Saved data entries:
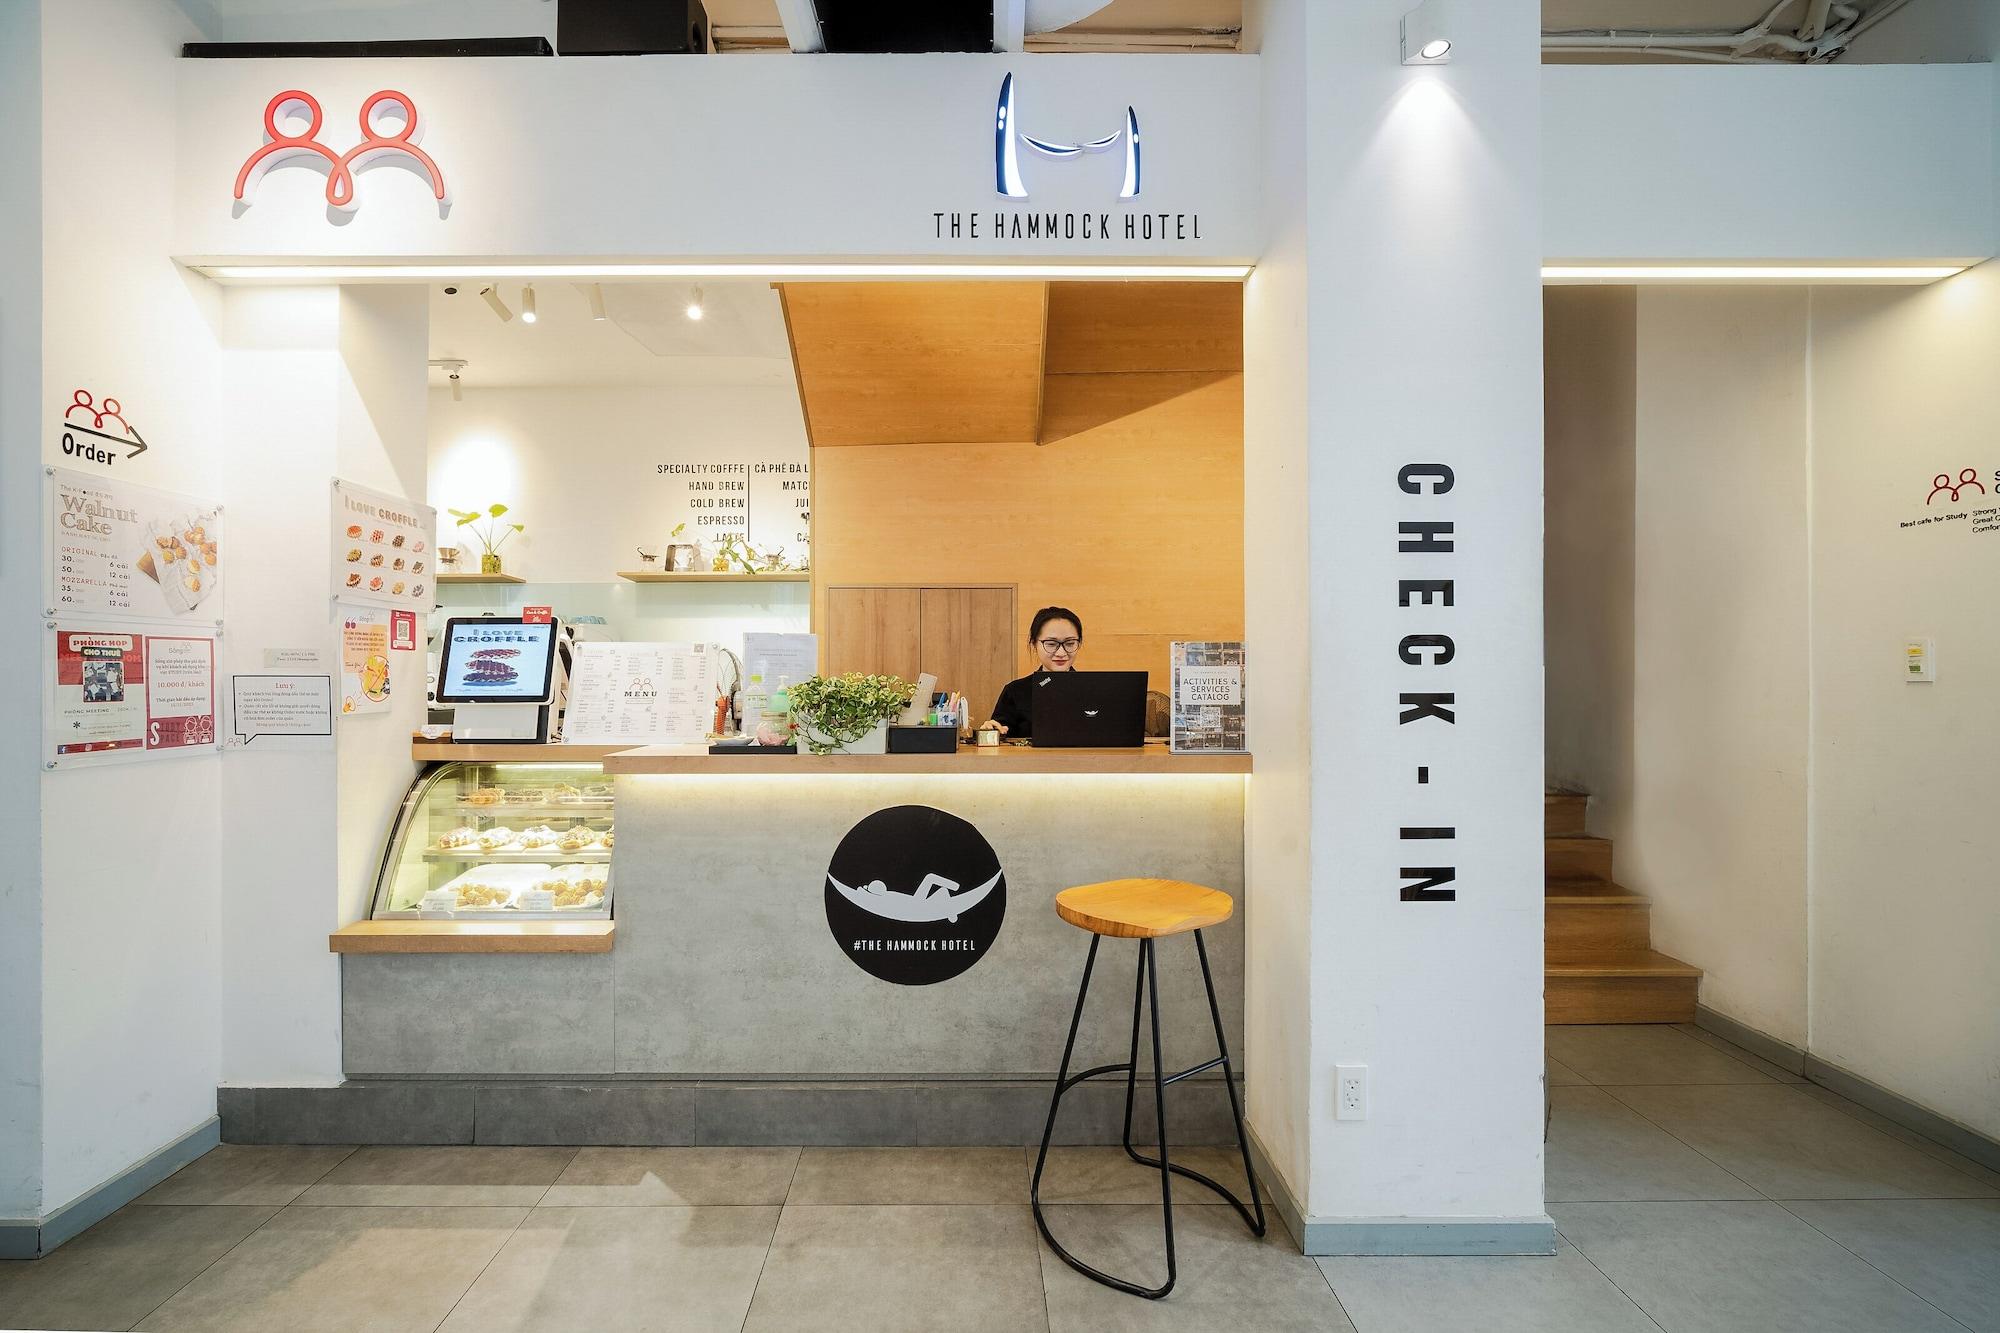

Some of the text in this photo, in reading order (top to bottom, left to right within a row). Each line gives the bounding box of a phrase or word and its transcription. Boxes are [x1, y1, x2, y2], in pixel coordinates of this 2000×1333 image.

[933, 213, 1201, 240] THE HAMMOCK HOTEL
[62, 432, 117, 466] Order
[657, 464, 708, 474] SPECIALTY
[688, 481, 745, 491] HAND BREW
[782, 481, 810, 491] MATC
[690, 498, 745, 508] COLD BREW
[60, 494, 138, 524] Walnut
[350, 500, 376, 517] LOVE
[378, 508, 418, 528] CROFFLE
[1972, 508, 1997, 517] Strong
[60, 512, 113, 536] Cake
[697, 515, 745, 526] ESPRESSO
[1900, 520, 1916, 528] Best
[1945, 512, 1968, 521] Study
[1972, 516, 1993, 525] Great
[61, 546, 97, 557] ORIGINAL
[61, 576, 107, 587] MOZZARELLA
[453, 635, 541, 643] CROFFLE
[83, 648, 101, 656] CHO
[624, 690, 658, 698] MENU
[1190, 685, 1231, 693] SERVICES
[1191, 693, 1230, 701] CATALOG
[853, 939, 976, 951] #THE HAMMOCK HOTEL
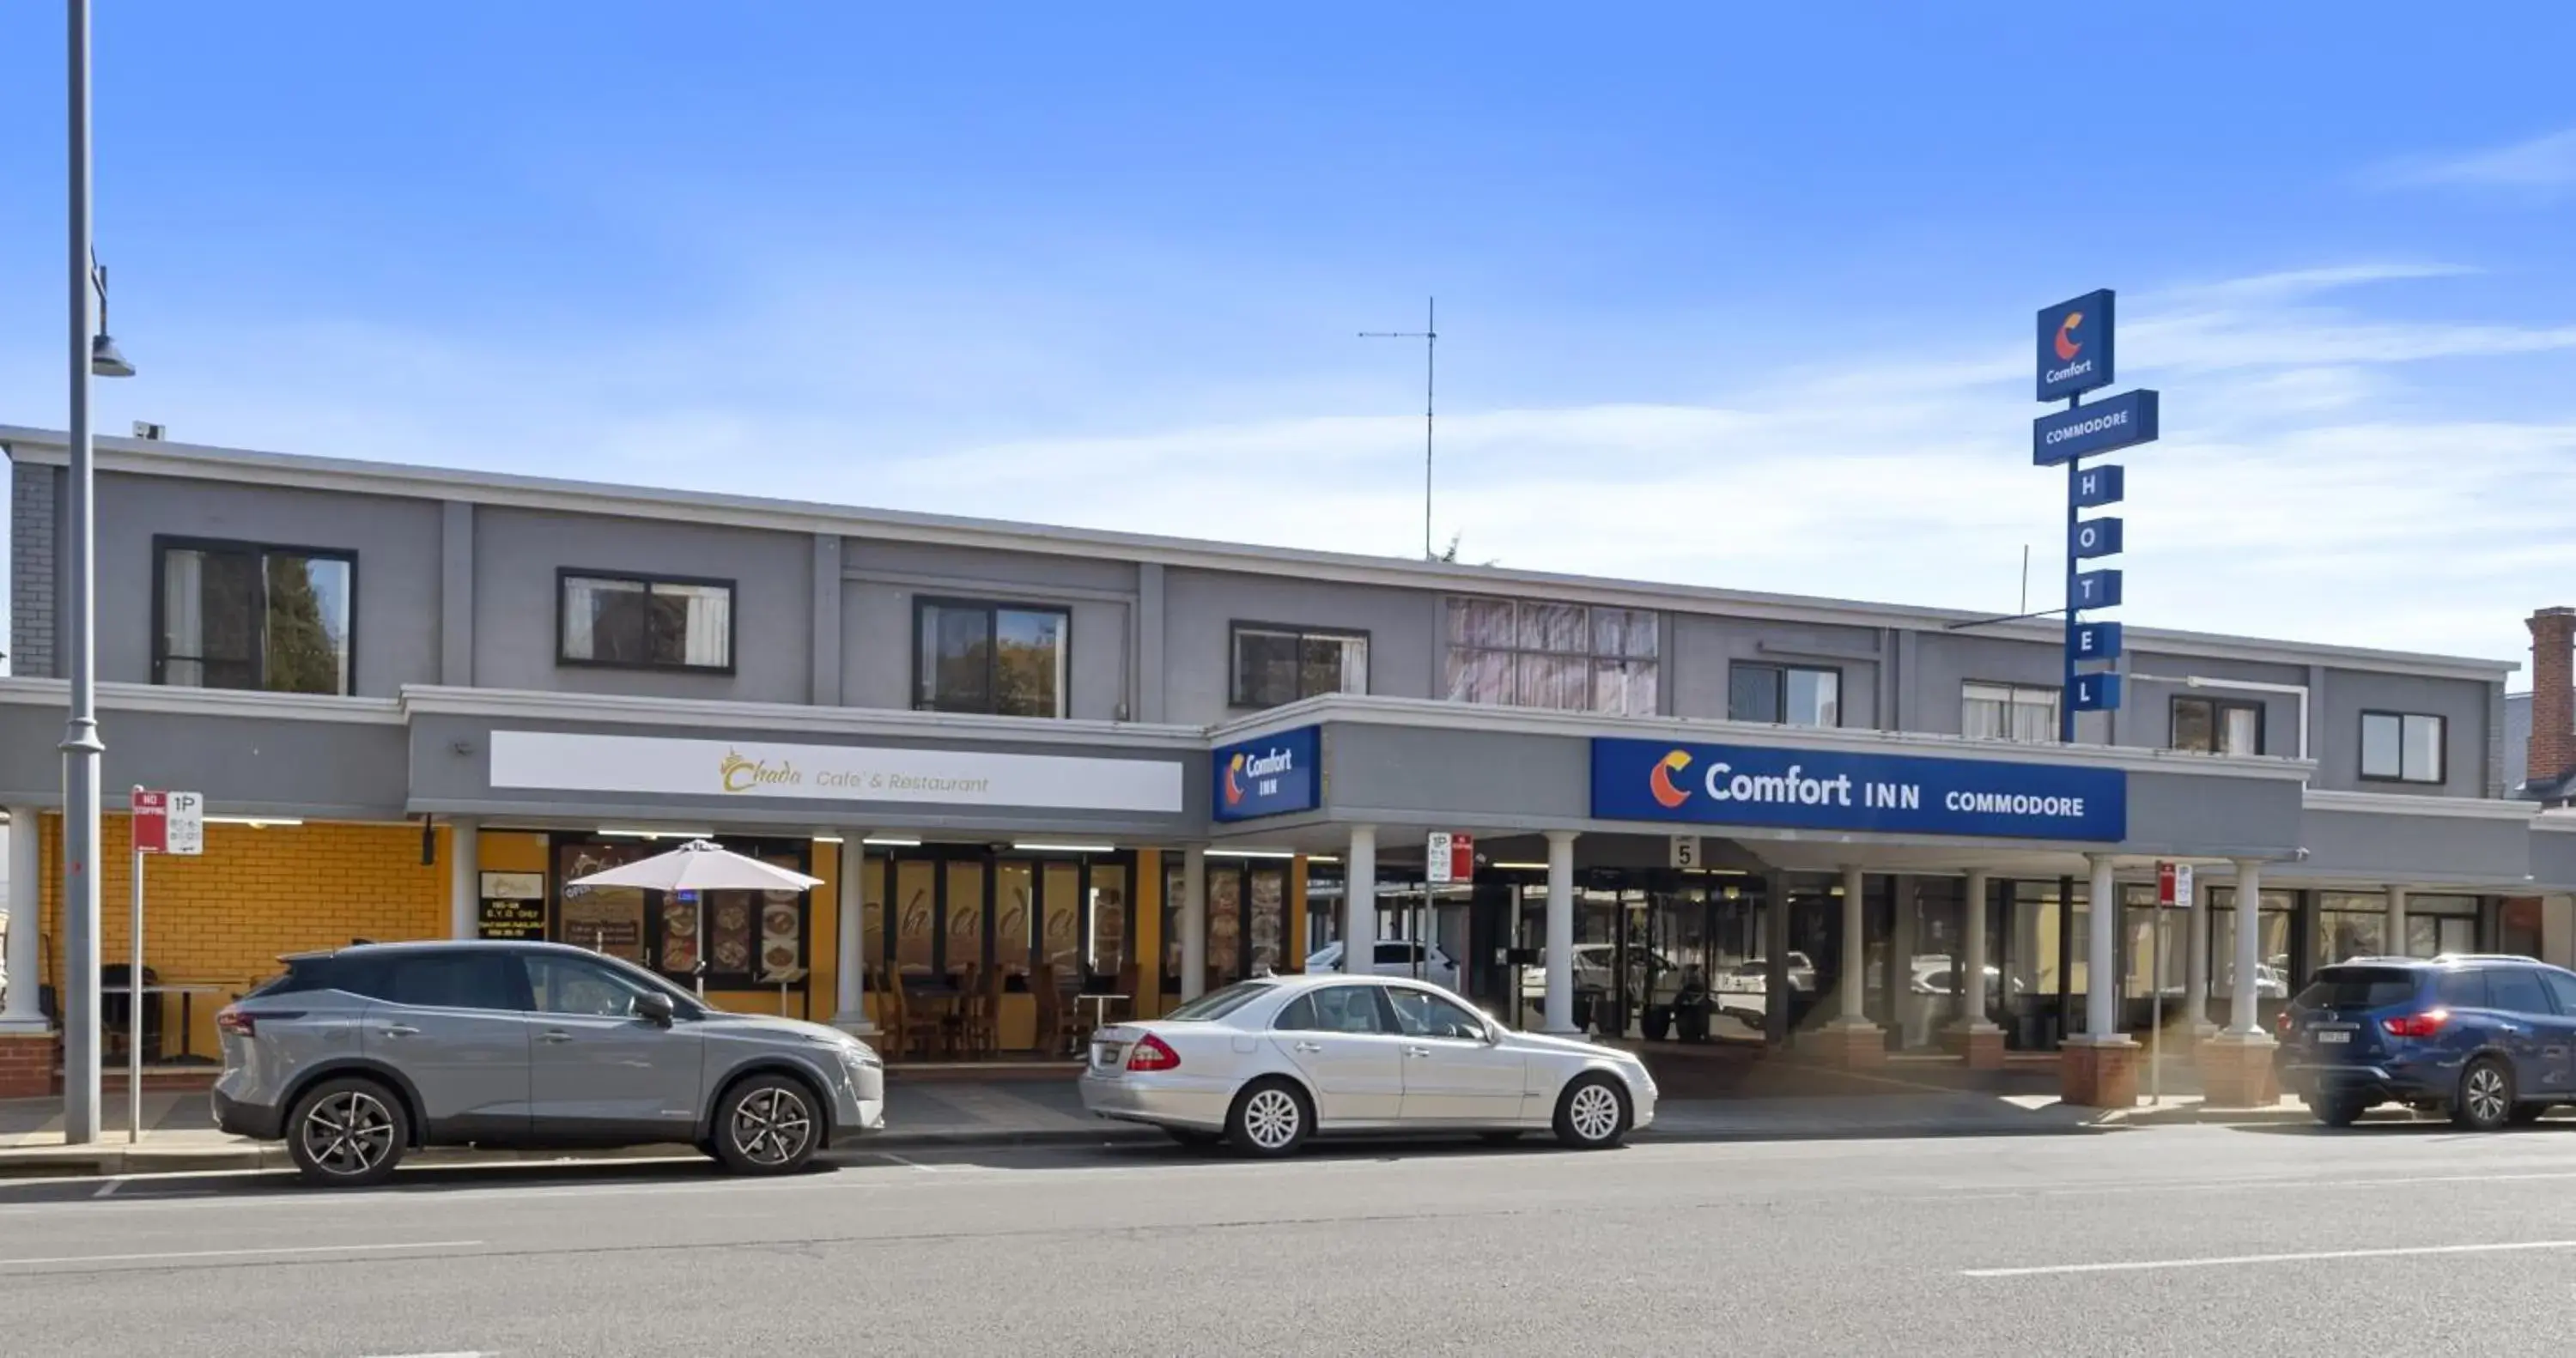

Aim of the task:
All entries above must be printed again verbatim, with images excluded.

Response below:
Some of the text in this photo, in reading order (top to bottom, left to right within a row). Each line gives the bounding box of a phrase or word and its transcription. Boxes are [x1, y1, x2, y2], in pixel coordinates of this 2000×1333 image.

[933, 213, 1201, 240] THE HAMMOCK HOTEL
[62, 432, 117, 466] Order
[657, 464, 708, 474] SPECIALTY
[688, 481, 745, 491] HAND BREW
[782, 481, 810, 491] MATC
[690, 498, 745, 508] COLD BREW
[60, 494, 138, 524] Walnut
[350, 500, 376, 517] LOVE
[378, 508, 418, 528] CROFFLE
[1972, 508, 1997, 517] Strong
[60, 512, 113, 536] Cake
[697, 515, 745, 526] ESPRESSO
[1900, 520, 1916, 528] Best
[1945, 512, 1968, 521] Study
[1972, 516, 1993, 525] Great
[61, 546, 97, 557] ORIGINAL
[61, 576, 107, 587] MOZZARELLA
[453, 635, 541, 643] CROFFLE
[83, 648, 101, 656] CHO
[624, 690, 658, 698] MENU
[1190, 685, 1231, 693] SERVICES
[1191, 693, 1230, 701] CATALOG
[853, 939, 976, 951] #THE HAMMOCK HOTEL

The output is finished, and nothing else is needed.